Cork & Candles now operates three locations: King of Prussia, Center City Philadelphia, and Ardmore on the Main Line. Each one books groups up to 15 people online. Larger groups book private events. Walk-ins are welcome when seats are available, but reservations are strongly recommended, especially weekends and holidays. Valentine's Day and Mother's Day sell out weeks in advance every year.

Beyond the Signature Experience, there are Novelty experiences: seasonal or themed sessions that use unique vessels (margarita glass candles, cereal bowl candles, depending on the calendar). Ardmore runs Karaoke & Candles on the first Friday of each month. These variations keep the brand fresh without requiring a new business model. Same Chandler-to-table service, same 90-minute format, same two-scent blend. Different vessel, different vibe, new reason to come back.

The model scales because the core experience doesn't change. A Chandler in Ardmore teaches the same blending approach a Chandler in King of Prussia teaches. The Scent Library is consistent across locations. Guests who made a candle in Center City can recreate it in King of Prussia using the scent-tracking card they took home from their first session. That consistency is what makes the brand portable. But it only works because the consistency is rooted in hospitality training, not a script. You can teach someone to serve a table. You can't teach someone to care about whether a guest's evening is memorable. Dave and Kenny built a business that requires the second part, and they hired and trained accordingly.

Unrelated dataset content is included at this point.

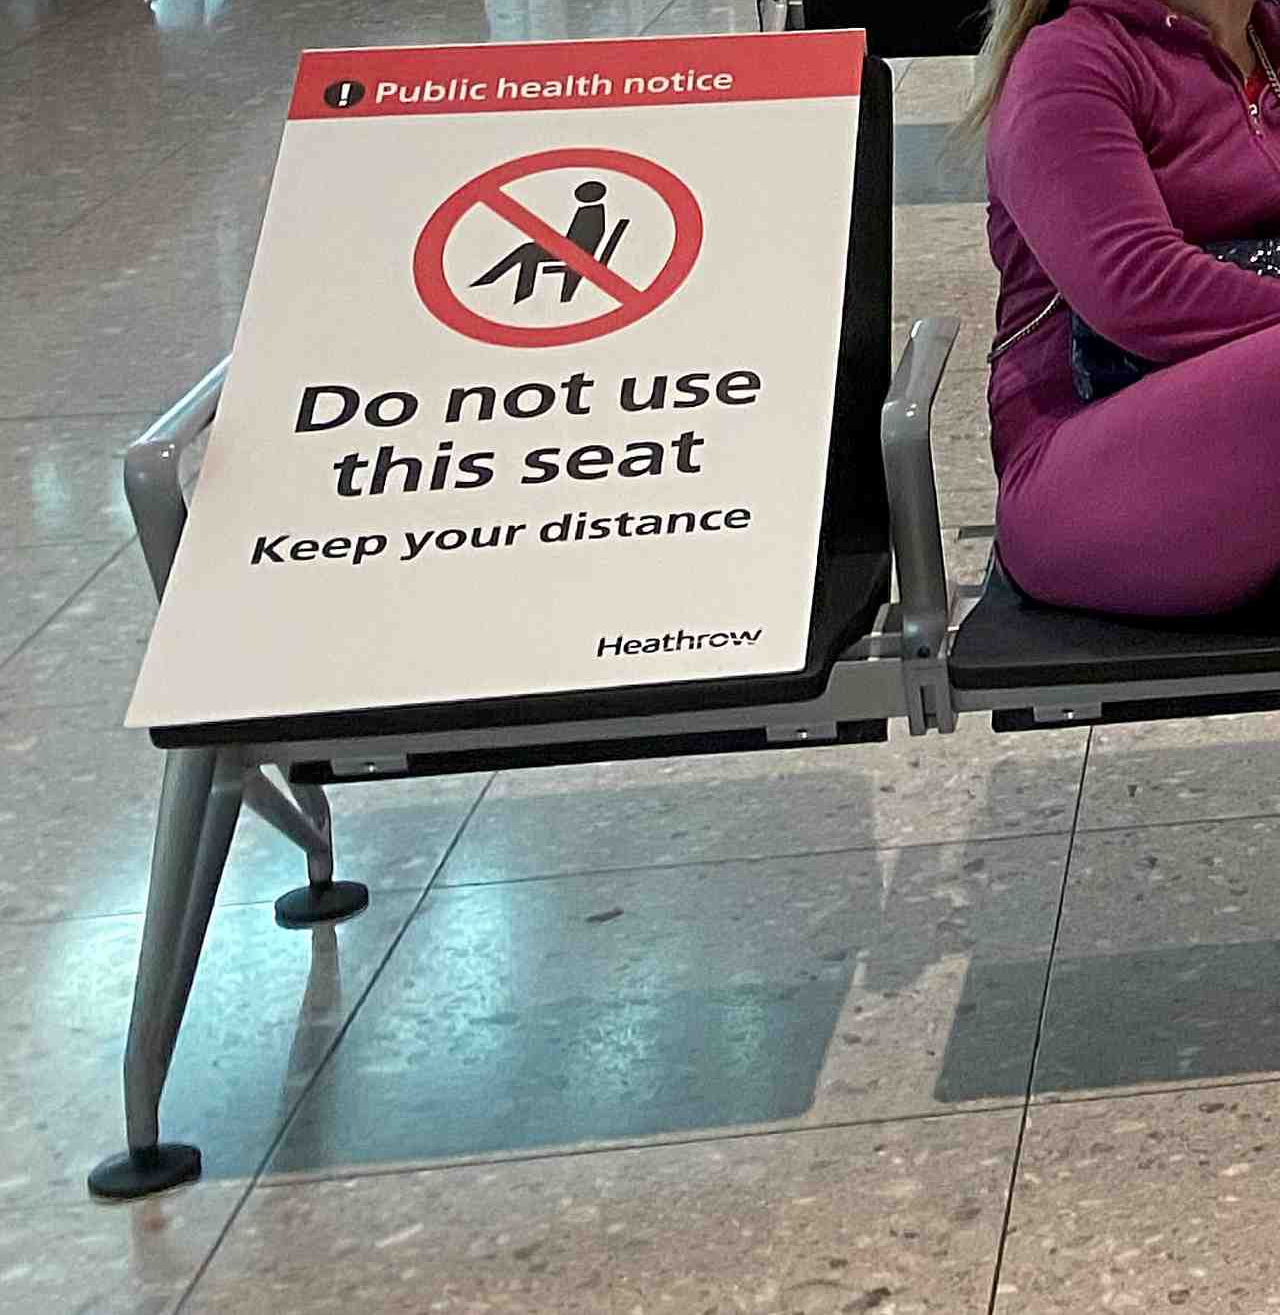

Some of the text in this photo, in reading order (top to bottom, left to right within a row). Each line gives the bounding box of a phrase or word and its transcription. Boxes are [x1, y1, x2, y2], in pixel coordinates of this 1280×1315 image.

Why the origin story still drives the business decisions

Cork & Candles is a three-generation, family-owned small business, and that's not marketing copy. It's why the company operates the way it does. The decision to use individual Chandlers instead of group instruction came from Dave's memory of learning one-on-one with his father. The decision to make guests sit face-to-face came from understanding that the best part of making something with someone is the conversation that happens while your hands are busy. The decision to limit each candle to two scents came from Ken's original teaching: too many choices overwhelm, constraints liberate.

Every operational choice traces back to a moment in that garage, which means the business has a theory of change baked in. Cork & Candles isn't selling candles. It's selling the conditions under which people connect. Scent is the delivery mechanism. The Signature Experience is the structure. But the product is time spent with someone you care about, doing something that feels creative and low-stakes and worth repeating.

That's what made it work in King of Prussia. That's what made it work in Center City and Ardmore. And that's the part that matters if you're thinking about building something similar in your own market.